We manage our views with flyway migrations. Write your new view by looking at the number of the most recent migration. You will want to add your work in a new file that starts with "V" then the next integer after the last migration and the discription of your file. For example, if the most recent migration is called
V00556__add_important_table.sql
then you should name your file something like V00556__add_RAD_contact_view.sql
. Grant owner to fec and permissions to fec_read roles.
If you create a view that has another view depending on it, you will want to add the dependency to the manage.py function and flow.py https://github.com/18F/openFEC/blob/develop/manage.py#L289 https://github.com/18F/openFEC/blob/develop/webservices/flow.py
When you are creating new resources:
- Make sure all the names are human readable and consistent with the names in other public facing resources.

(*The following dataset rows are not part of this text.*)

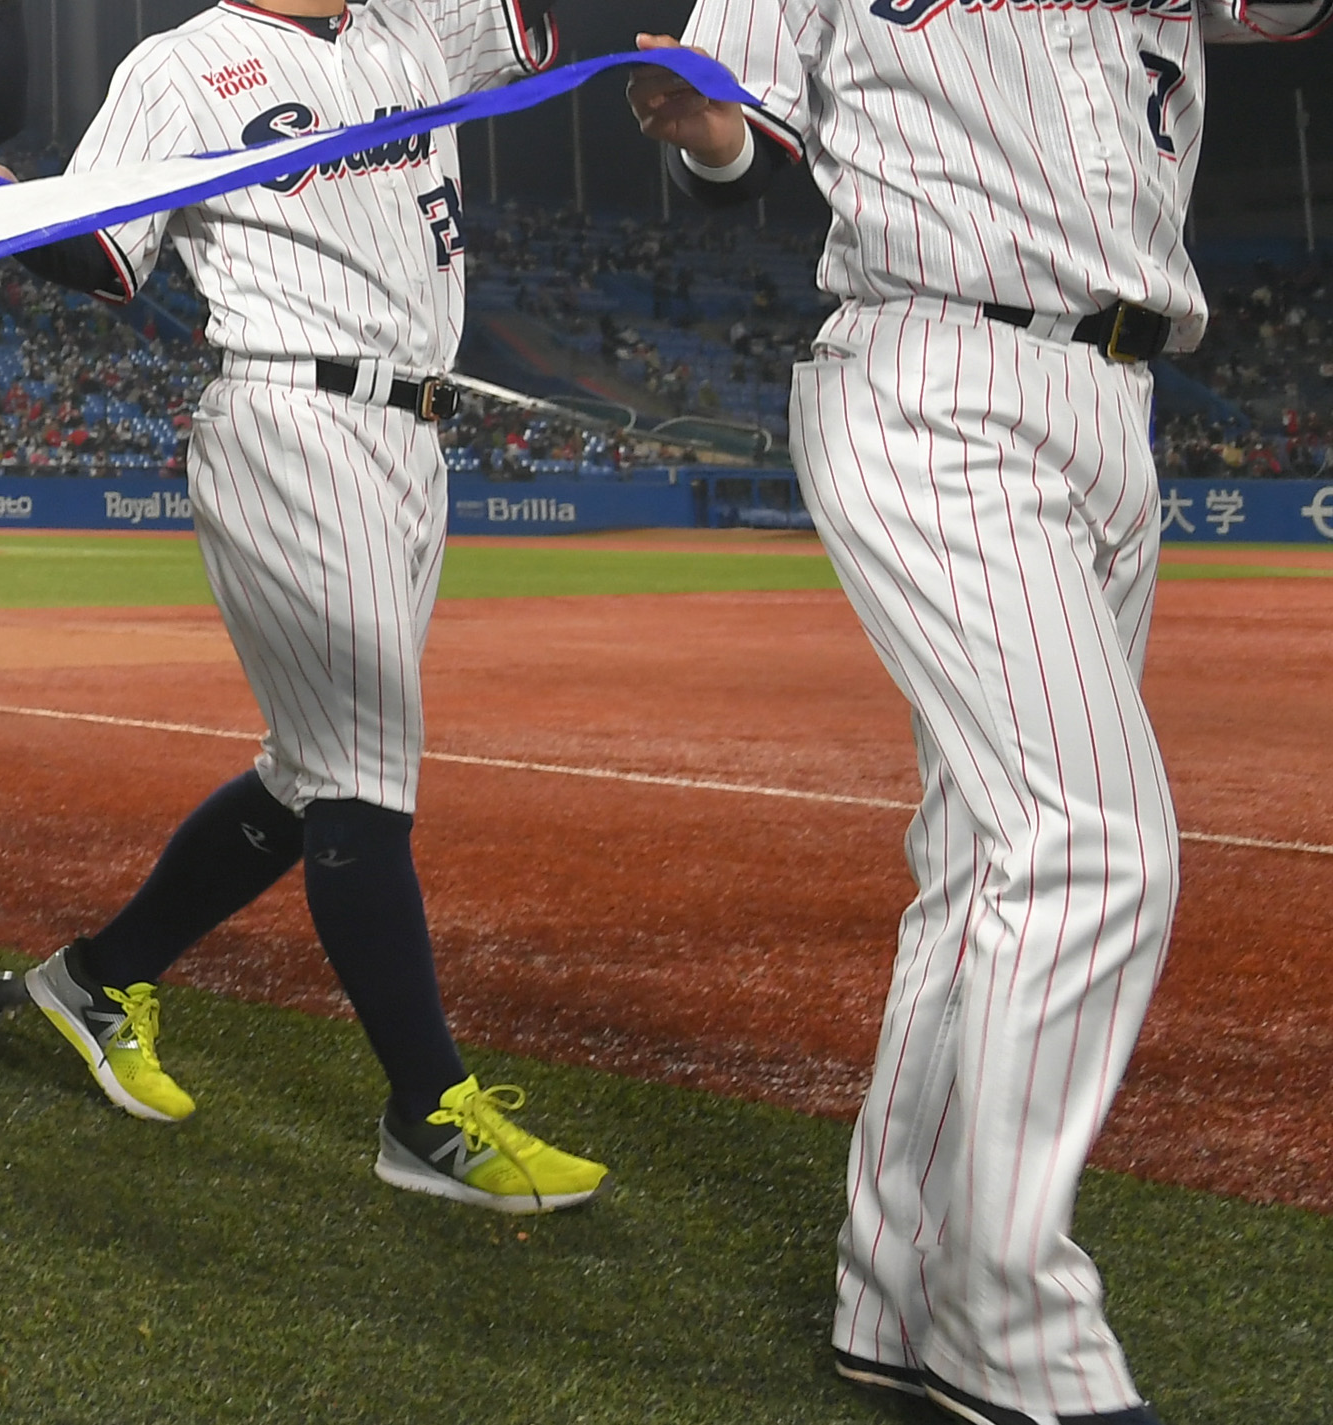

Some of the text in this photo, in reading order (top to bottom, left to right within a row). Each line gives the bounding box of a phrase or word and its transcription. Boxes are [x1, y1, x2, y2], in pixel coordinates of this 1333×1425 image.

[201, 57, 264, 87] Yakult
[213, 71, 268, 99] 1000
[1138, 50, 1186, 162] 7
[104, 491, 193, 524] Royal Ho
[487, 497, 576, 522] Brillia

- Make sure there is an unique index, that is required for updating the materialized view without downtime.
- Create the resources in
/sql_updates
will make the script part of themanage.py schema_updates
command. - If you need to recreate make sure your resource ends in
_tmp
we use that naming convention to create new resources before drop cascading the current resources and renaming them so they do not end in _tmp. - Add indexes to sortable and filterable columns.
- Full text fields need ts-vector
- If your table or view has dependencies on another table, add that to
webservices/flow.py
that is what will - example file
A models are the the source of information about your data for Python. It defines the fields and behaviors of an object. An API endpoint can be made of one or more models.

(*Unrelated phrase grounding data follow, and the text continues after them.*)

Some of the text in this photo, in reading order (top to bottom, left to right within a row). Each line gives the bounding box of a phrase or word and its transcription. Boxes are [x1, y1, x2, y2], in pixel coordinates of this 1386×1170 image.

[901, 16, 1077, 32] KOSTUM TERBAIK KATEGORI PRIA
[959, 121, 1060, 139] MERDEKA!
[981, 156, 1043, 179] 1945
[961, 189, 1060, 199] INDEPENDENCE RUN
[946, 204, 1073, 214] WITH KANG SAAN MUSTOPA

- Describe column to sqlalchemy
- Add documentation
- Mark which columns have been indexed
- example file
- Add to init if making a new file. This is what we use for imports elsewhere.
- example init
Arguments are where we define what fields can be sortable and filterable.

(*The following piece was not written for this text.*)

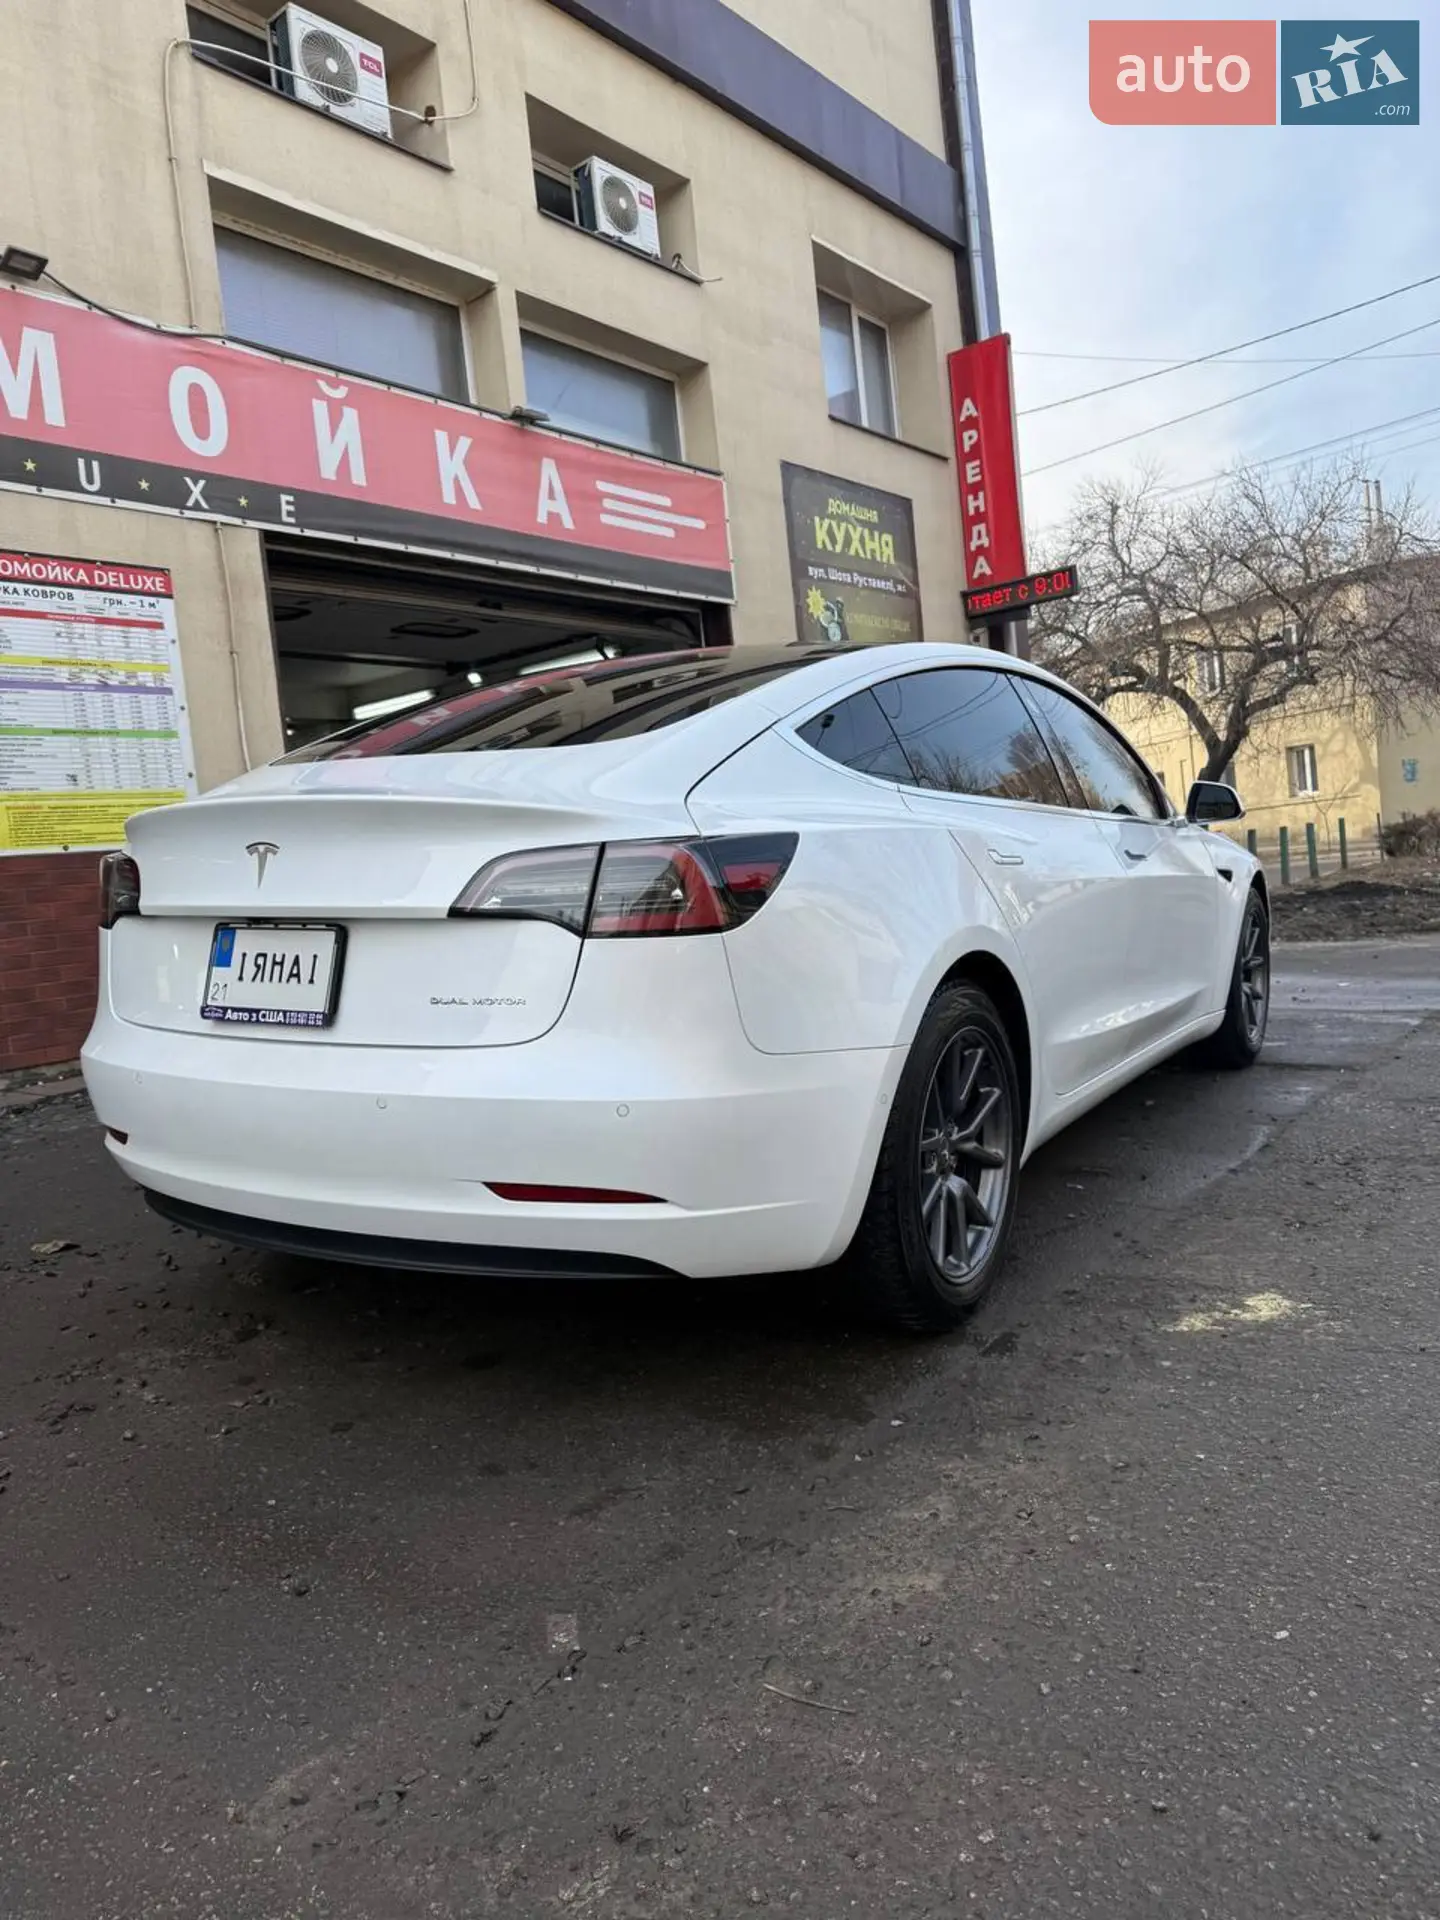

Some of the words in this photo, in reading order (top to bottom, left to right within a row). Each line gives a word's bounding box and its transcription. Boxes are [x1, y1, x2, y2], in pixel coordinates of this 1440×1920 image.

- Fields must have been indexed in the table to be sortable
- Assign the right field types
- example args
Schemas are used to format the data served from the API.
- You can derive a schema from the model
- Make a page schema to enable pagination
- Exclude tsvector columns, these are handled separately in the resource
- [example schemas] (https://github.com/fecgov/openFEC/blob/develop/webservices/args.py#L804)
Resources handle the logic for the API. The following example is from our newer endpoints that inherits from an extensive base class. These are easier to build and extend. Note that some of the older endpoints have more custom code in them.
- Add new tag if needed in spec.py
- spec example
- Add filters
- example file
Now, you can add a url for your resource.
- In rest.py, add import
- example import
- Add resource url
- example url
- Register model so it shows up in docs
- example register
Test make sure we don't break features as the code evolves.
- Make a factory
- example factory
- Test key functionality
- example tests
- Also make sure the data is in subset.dump
Someone on the team will do a check of your code for logic and style review and then pull down your code to try it out locally. Once it has been approved it will be merged into master.